For the past five years, Wilco mainman Jeff Tweedy has lived
a fairly public life.
While the 39-year-old singer/songwriter hasn’t quite pimped
himself out to The Surreal World, he has exposed his private
existence and creative process in ways most image-conscious,
modern-day musicians would avoid. The 2003 film I Am Trying
to Break Your Heart was ostensibly a document of the making
of Yankee Hotel Foxtrot, the band’s groundbreaking 2002
album — but it also captured Tweedy’s troubles with
ulcers, migraine headaches and panic attacks. His artistic single-mindedness
was also laid bare as he ultimately asked longtime band member
and collaborator Jay Bennett to leave Wilco during the making
of that album.
In interviews he did to promote Wilco’s last studio album
— Grammy-winning 2004 effort A Ghost Is Born — Tweedy
spoke openly about his health problems and confessed to being
addicted to painkillers. He even decided to enter rehab just
as the album was to be released.
So, despite the fact that Tweedy is possibly the only American
heir to the Quixotic legacy of Bob Dylan, it’s not exactly
shocking that the first question he’s asked by a Canadian
journalist during a telephone conference is “How’s
your health?”
“Never better, thanks for asking,” Tweedy says,
then expands somewhat. “I feel like I’m in better
shape than I’ve ever been.
“I haven’t had a migraine in two years and I haven’t
had a cigarette in a year.”
That his well-being is even a matter of discussion is a function
not only of Tweedy’s openness but also of the fact that
an awful lot of people want him healthy because they need him
to continue making the kind of nerve-tingling music he has been
creating with Wilco since the group formed from the ashes of
Uncle Tupelo in 1994.
Through five studio albums, two collaborations with Billy Bragg
(the Mermaid Avenue collections of Woody Guthrie material),
a movie, an outstanding live recording — and an ever-changing
cast of musicians — Wilco has challenged, toyed with and
made nonsense of the notion of ‘roots music’ since
its inception. In the Wilco canon, spare acoustic love songs
coexist with 12-minute blasts of dissonant guitar fuzz.

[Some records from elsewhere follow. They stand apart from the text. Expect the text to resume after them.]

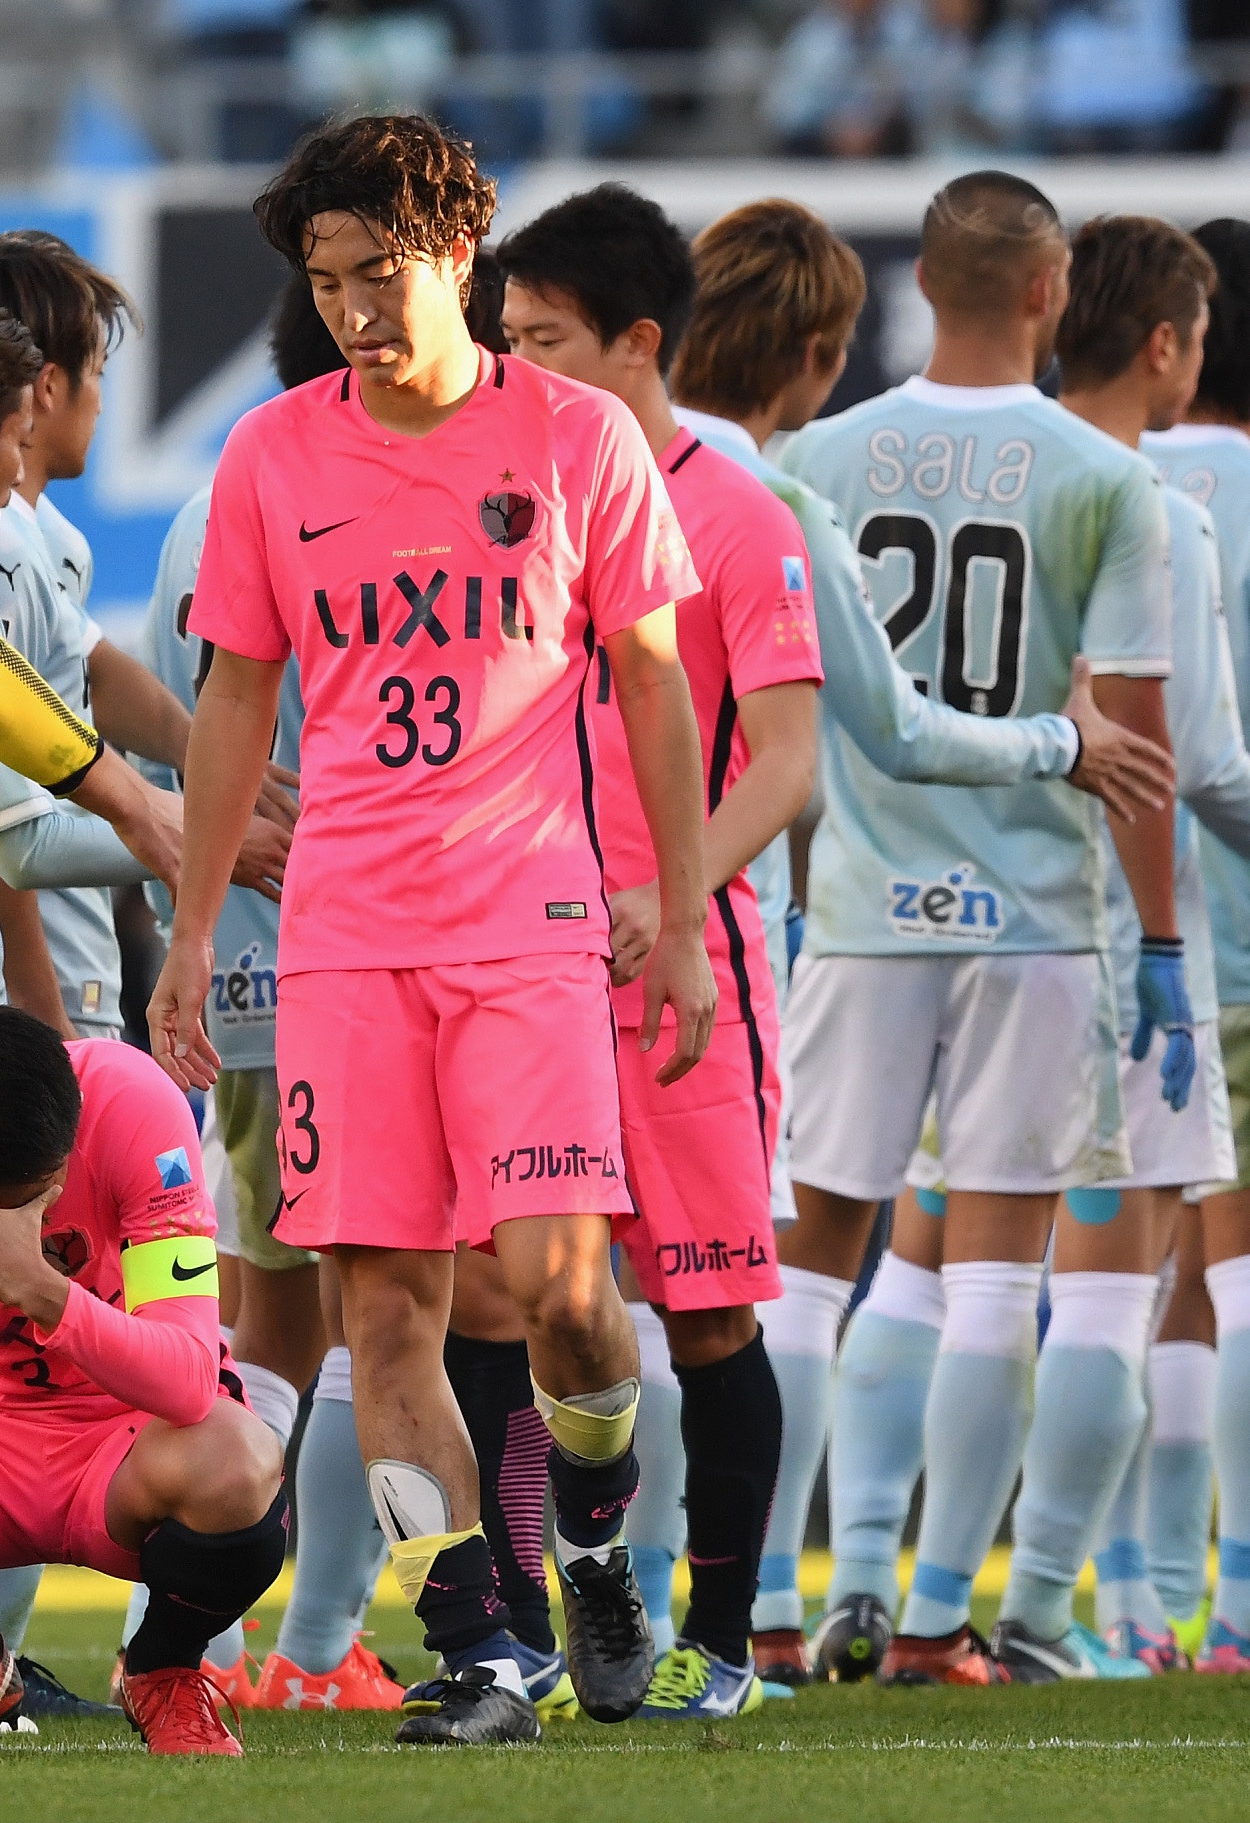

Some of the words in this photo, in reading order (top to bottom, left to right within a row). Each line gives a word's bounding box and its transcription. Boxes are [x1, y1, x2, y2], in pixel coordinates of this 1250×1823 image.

[866, 427, 1036, 505] sala
[313, 568, 535, 649] LIXIL
[855, 508, 1033, 718] 20
[375, 675, 462, 768] 33
[892, 882, 1000, 928] zen
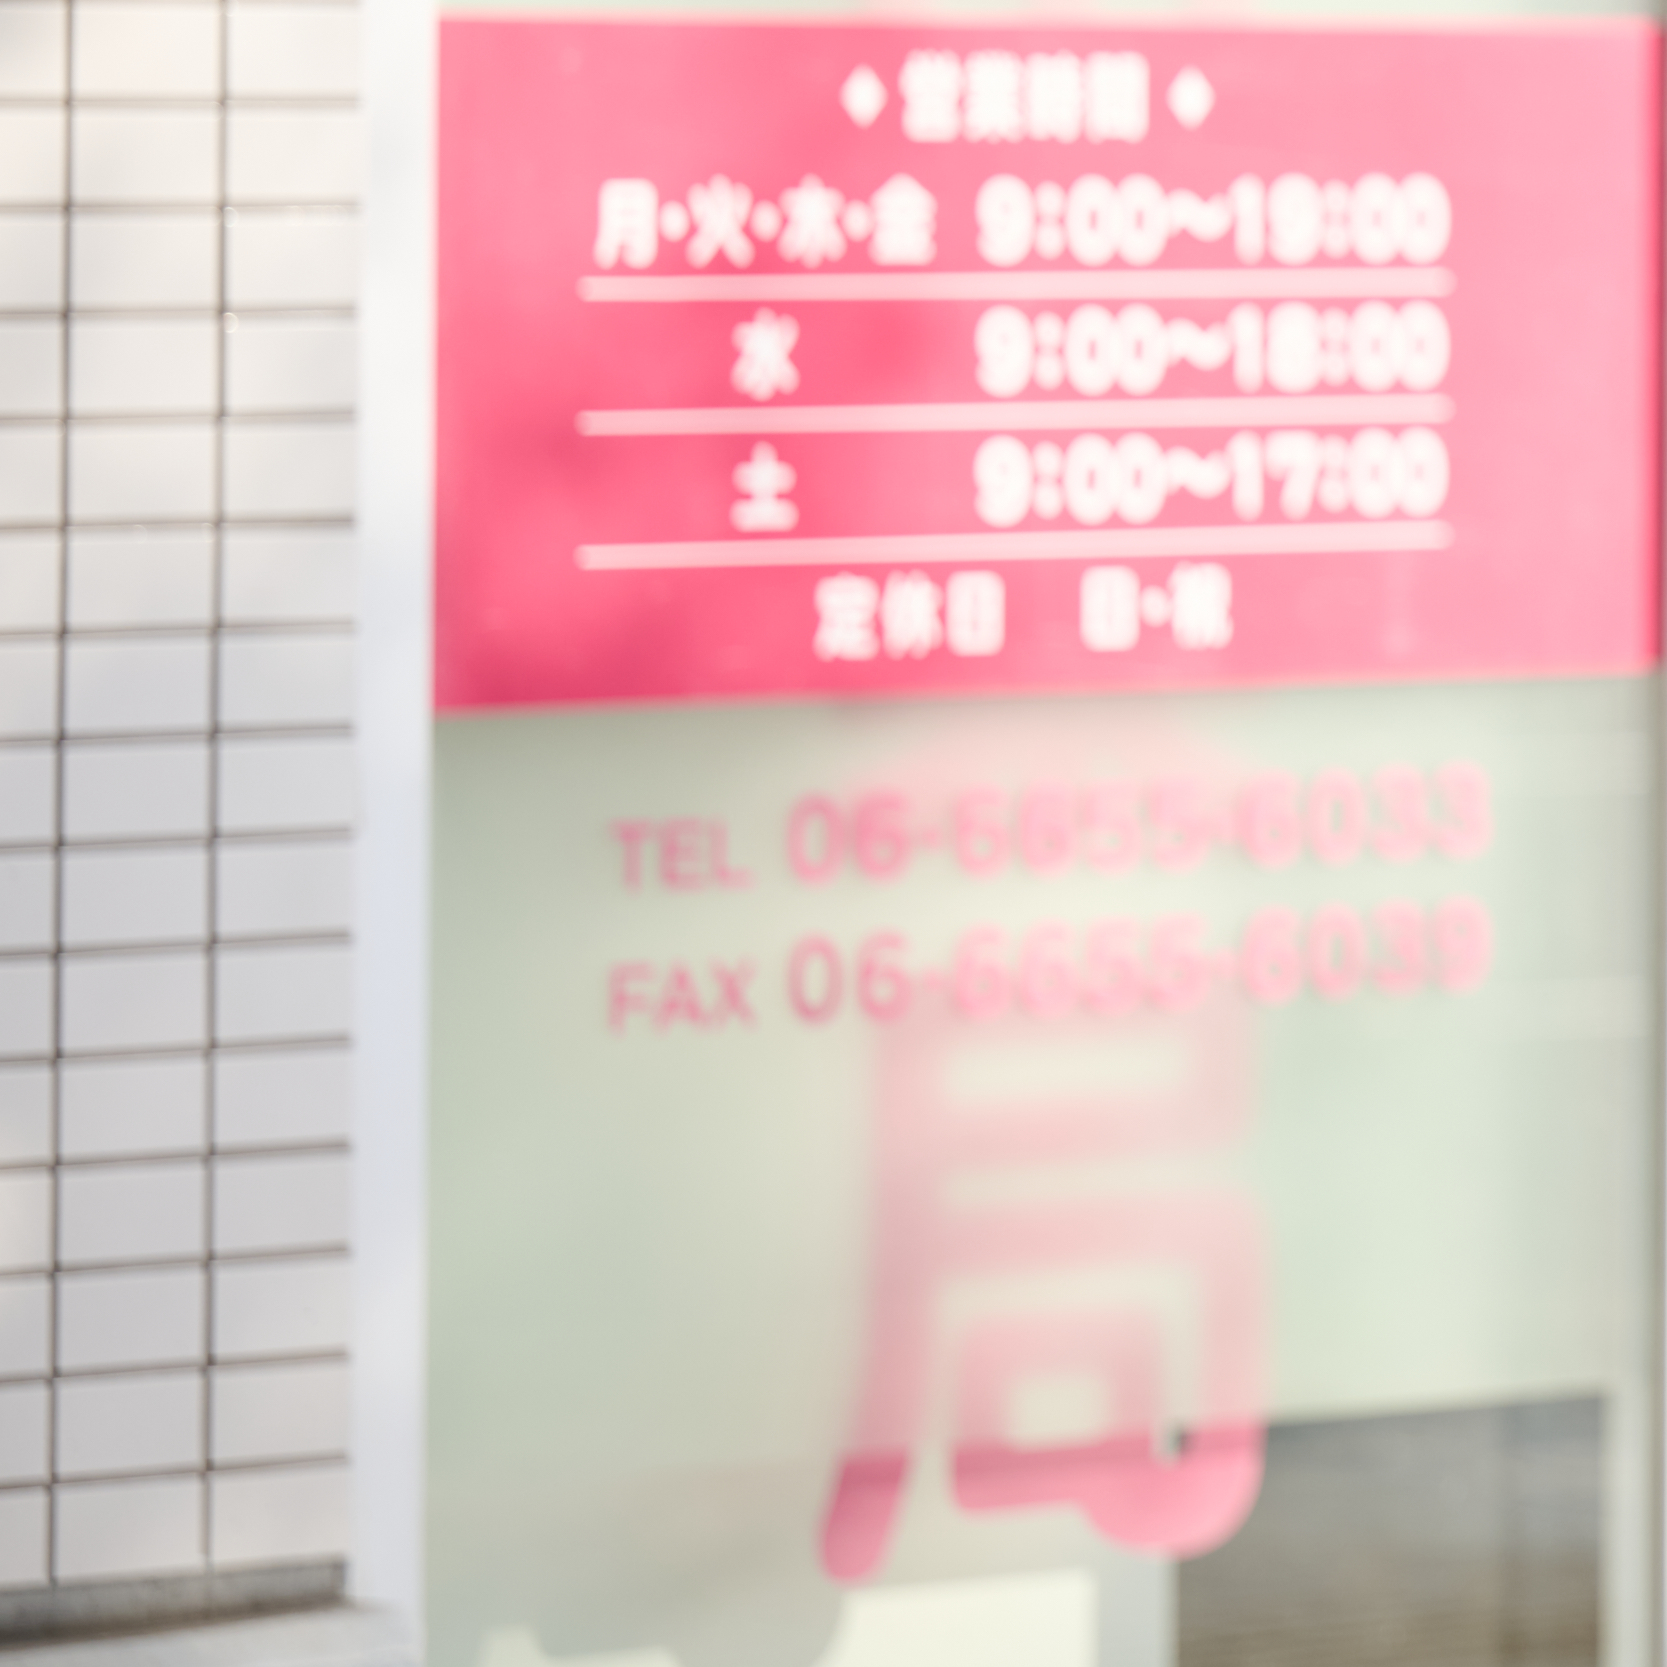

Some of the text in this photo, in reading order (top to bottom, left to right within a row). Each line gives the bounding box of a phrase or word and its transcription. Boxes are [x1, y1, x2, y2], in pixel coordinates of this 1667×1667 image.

[731, 441, 797, 532] 土
[608, 816, 756, 895] TEL
[606, 956, 758, 1036] FAX

At the same time, the group is perhaps one of the ultimate symbols
of the ‘little guys’ who got one over on the mainstream
music biz. When Wilco submitted the finished version of Yankee
Hotel Foxtrot to Warner-owned Reprise Records in 2001, the label
flatly rejected the album, saying it had no commercial potential.
After much wrangling, anger and brow-beating, the band ultimately
bought the recording from the label for $500,000 and then landed
a deal with Nonesuch, another Warner-owned company. YHF went
on to become the group’s best-selling album to date.

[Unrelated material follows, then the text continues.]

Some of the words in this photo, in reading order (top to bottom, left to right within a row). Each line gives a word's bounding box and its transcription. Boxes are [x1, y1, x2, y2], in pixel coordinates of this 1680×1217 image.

A Ghost is Born solidified Wilco’s status as an anything-goes
rock band. While the group’s approach is rooted in a certain
musical tradition and its lineup dictates what sounds can be
made, Tweedy and his bandmates — guitarist Nels Cline,
keyboardist Mikael Jorgenson, drummer Glenn Kotche, multi-instrumentalist
and bassist John Stirratt (the only original member remaining
from ’94) — are unafraid of any approaches that
make sense to them.
Since last year’s release of the compelling Kicking Television
live album, the sextet has been corralled in its studio/rehearsal
space, known as ‘The Loft,’ in Chicago, working
up material for a new studio album that should see the light
of day by next spring, Tweedy says.
Some of the new songs will air on the band’s current tour,
its first cross-Canada jaunt since 1997, but the singer says
they’re not about to give away the farm.
“We’ll try not to play too many new songs in one
show, maybe three or four songs on any given night,” he
says. “The process of recording is going really well.
We have 30 or so songs kicking around in various stages of completion.
I can tell you it’s the weirdest thing but it’s
not weird at all. (We’ve been in) this Brill Building
stance or something, where everything is organic but at the
same time it’s pretty arranged. People who’ve heard
it describe it as classic in the way it’s put together.
It’s very traditional and natural-feeling for us.
“But if I could tell you exactly there’d be no point
in releasing it.”
Tweedy says the band is no particular hurry to complete the
new album because live shows, side projects (he has one with
Kotche and Sonic Youth’s Jim O’Rourke, Kotche just
released his third solo record, and Cline has his own band as
well) and other activities will keep the group members busy
for quite some time.
“One of the luxuries of being able to make a living playing
live is that it’s not like you have to rush to get a record
out to change the world,” he says.
When the subject of Wilco’s rather malleable membership
is brought up, Tweedy maintains that he sees every lineup of
the band as the best one.
“This is the same (one) we’ve had for two years,”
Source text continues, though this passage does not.